体を縛り付ける蔦が消えたが、体はやはり思い通りに動かせない。
「暴れるなよ、お前の霊力はまだ回復していない。こんなところで暴れるより、お前の御侍と対峙する時に力を残しておけ」
男の顔は暗いままだが、初対面の時ほど目つきが鋭くない。
コンコンッ。
扉を叩く音が広い部屋に響く。彼は鼻で笑って、派手な椅子に腰をかけた。
「ブレスチキンスープ、久しぶりだな……」
ローブを身に纏う主はボクに目もくれず、大きな帽子を脱ぎ、目の前の男を見つめる。
主の顔の半分が、醜い傷跡だらけだった。
「ラコツ、お前も食霊を飼うとはな……ハッ、幽冥の書を盗むためか?お前もアレイスターの過ちを繰り返すつもりか?」
「幽冥の書?まさか、この食霊が……勝手に盗もうとしただけだ」
「苦しいな、幽冥の書を盗むようにお前が仕向けたんだろう」
「幽冥の書には禁忌の魔法が記されている。秘密の奥義だけでなく……食霊が契約から逃れる方法も書かれている」
「……?」
「私を殺すために、彼には幽冥の書が必要だったんだろう」
主がいつものように薄笑いを浮かべ、ボクを振り返り、意味深にもう1度言った。
「パンナコッタ、違うか?――お前の目的は、私を殺すことだろう」
「ボクの……目的……」
主を殺すこと。
それがボクの目的。
そういうことか。
簡単な命令を受け、ぼやけていた意識がはっきりとした。先ほどまで混乱していた思考も、極めてシンプルなものとなる。

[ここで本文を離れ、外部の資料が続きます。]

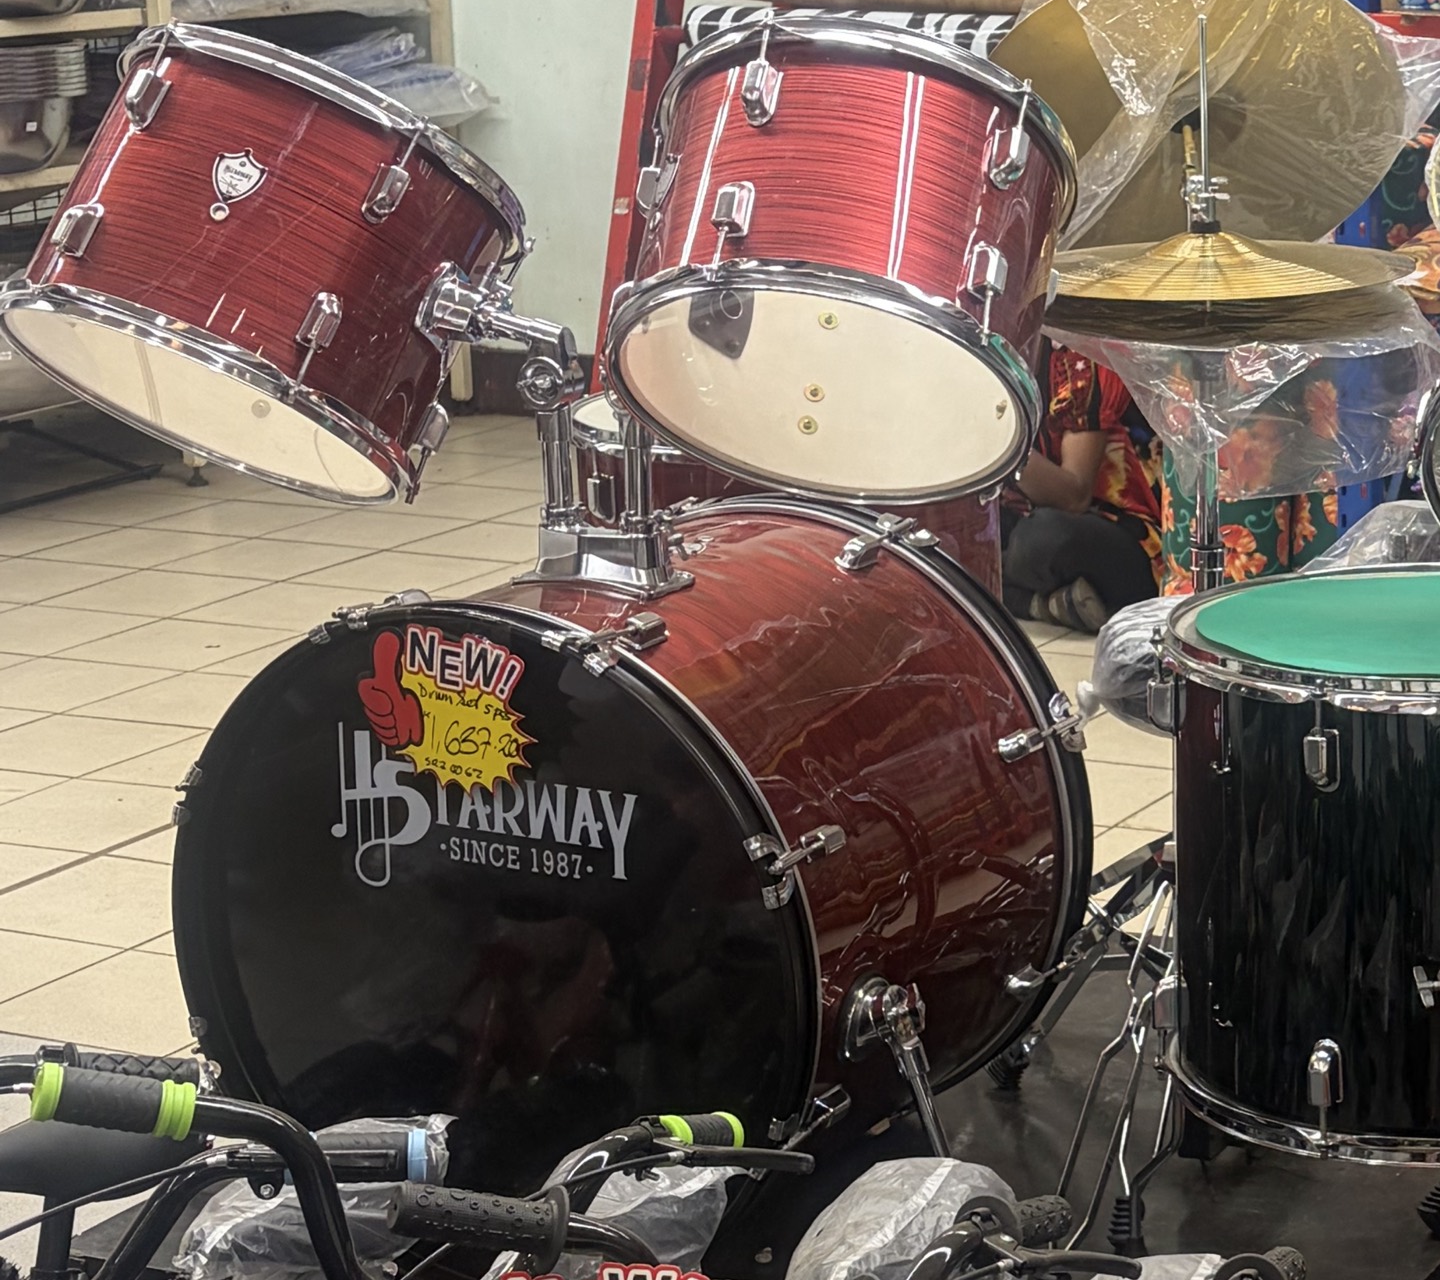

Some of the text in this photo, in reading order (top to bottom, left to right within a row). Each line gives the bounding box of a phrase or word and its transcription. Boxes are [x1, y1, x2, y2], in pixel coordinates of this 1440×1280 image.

考える必要などない。筋肉の記憶に任せ、ボクはナイフを握りしめると、目の前の人間の喉に突き刺す。
しかし、ボクにはそれができなかった。誰かが後ろからボクを力強く地面に押し付け、ナイフも手から落ちてしまった。
「大人しくしていろ……お前たちの契約はまだ有効だ、今のお前はやつを殺すことができない」
男は後ろからボクの首を絞めたが、すぐに力を少し緩めた。
「ふふっ……ほら、私の言う通りだ。この惨めな食霊は私を殺すために、幽冥の書を盗みに来たのだ」
「黙れ……うぐっ!このガキ――やめろ!暴れるな!コラ――!!!」
赤く染まった記憶が、もう1度頭に浮かぶ。生臭い熱風、ドロドロの液体、肌を切り裂く爪、骨が折れる音。
嫌だけど、すべての命令に従わなければならない。
ボクは目の前の腕に噛みつくと、激怒した男の声が聞こえたが、彼はボクを放してくれない。
そして、後ろから不思議な詠唱の声が聞こえてくると、ボクは防御する暇もなく、部屋の隅に飛ばされた。
意識を失う前に、ケラケラと笑う魔法使いが見えた。あの夜風に靡くローブが、まるで虫や傷跡かのように醜い。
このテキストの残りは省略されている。